§ Task
Nothing but the pictures gets dropped; retype every entry exactly.

§ Items from a data source

Content starts

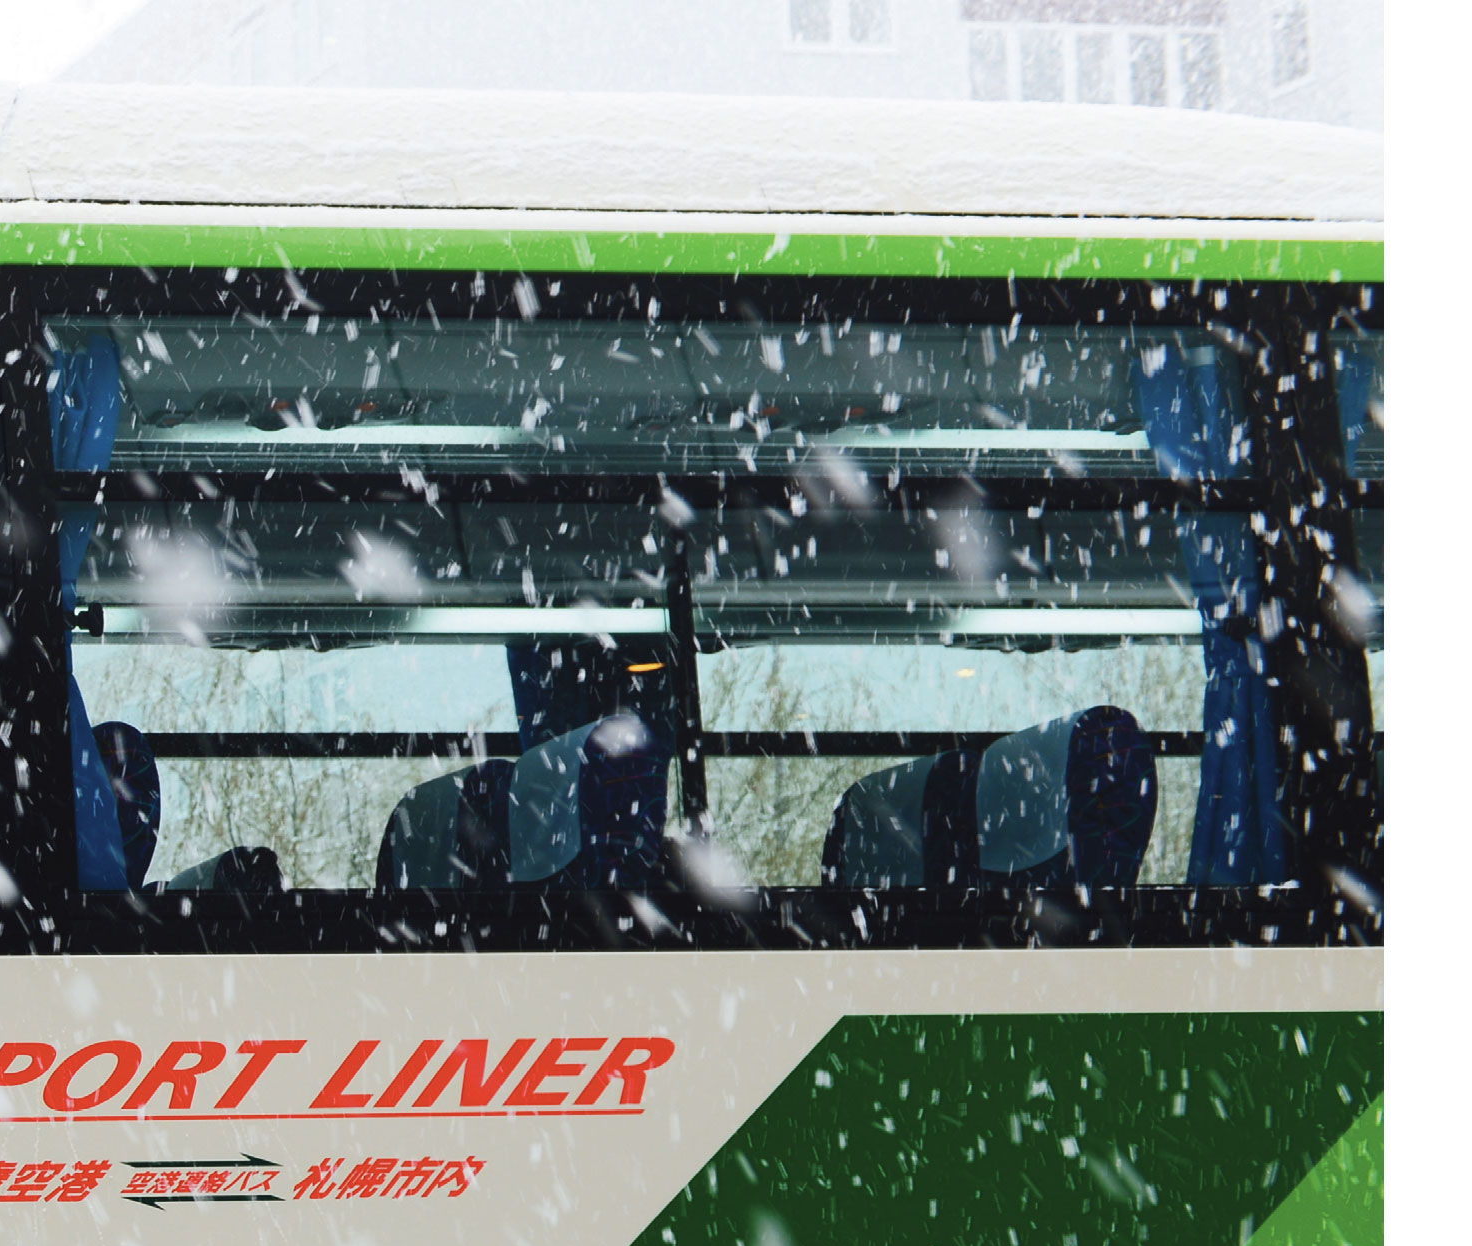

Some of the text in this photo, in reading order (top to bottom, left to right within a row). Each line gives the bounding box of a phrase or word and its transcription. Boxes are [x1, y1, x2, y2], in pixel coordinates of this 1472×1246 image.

[309, 1037, 675, 1109] LINER
[120, 1170, 280, 1194] 空港連絡バス
[294, 1155, 486, 1200] 札幌市内
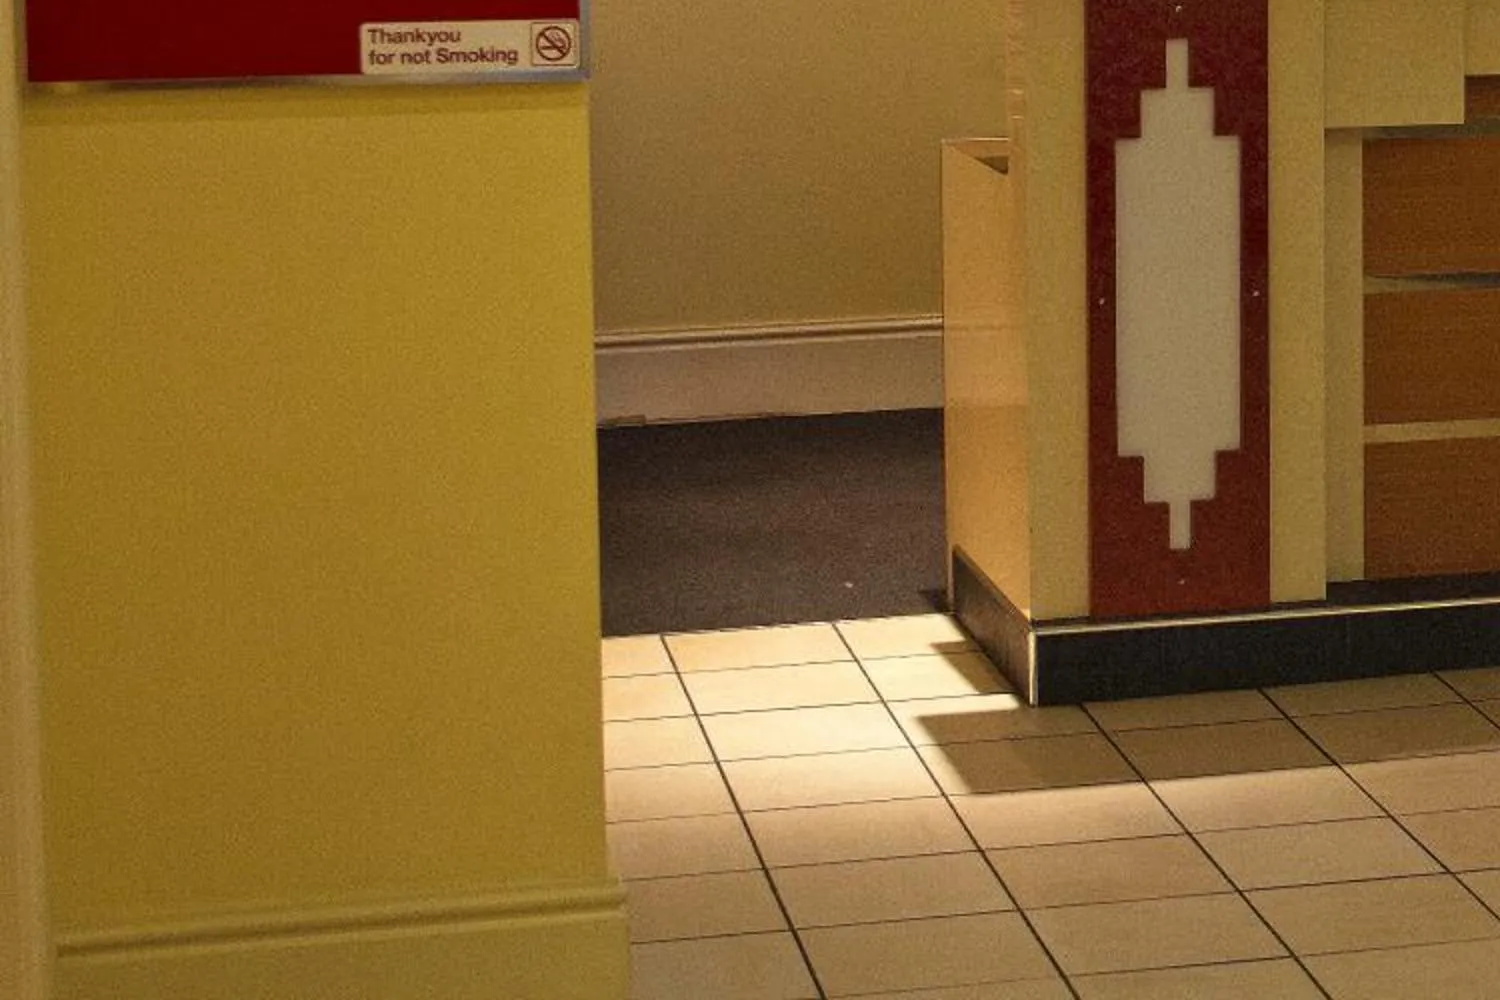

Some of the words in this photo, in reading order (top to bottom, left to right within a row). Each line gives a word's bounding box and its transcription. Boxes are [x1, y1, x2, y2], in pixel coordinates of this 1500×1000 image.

[367, 28, 462, 46] Thankyou
[368, 50, 396, 65] for
[401, 49, 431, 65] not
[436, 46, 519, 66] Smoking

Content ends

§ Expected answer
Some of the text in this photo, in reading order (top to bottom, left to right within a row). Each line gives the bounding box of a phrase or word and its transcription. Boxes are [x1, y1, x2, y2], in pixel coordinates of this 1472×1246 image.

[309, 1037, 675, 1109] LINER
[120, 1170, 280, 1194] 空港連絡バス
[294, 1155, 486, 1200] 札幌市内

Some of the words in this photo, in reading order (top to bottom, left to right within a row). Each line gives a word's bounding box and its transcription. Boxes are [x1, y1, x2, y2], in pixel coordinates of this 1500×1000 image.

[367, 28, 462, 46] Thankyou
[368, 50, 396, 65] for
[401, 49, 431, 65] not
[436, 46, 519, 66] Smoking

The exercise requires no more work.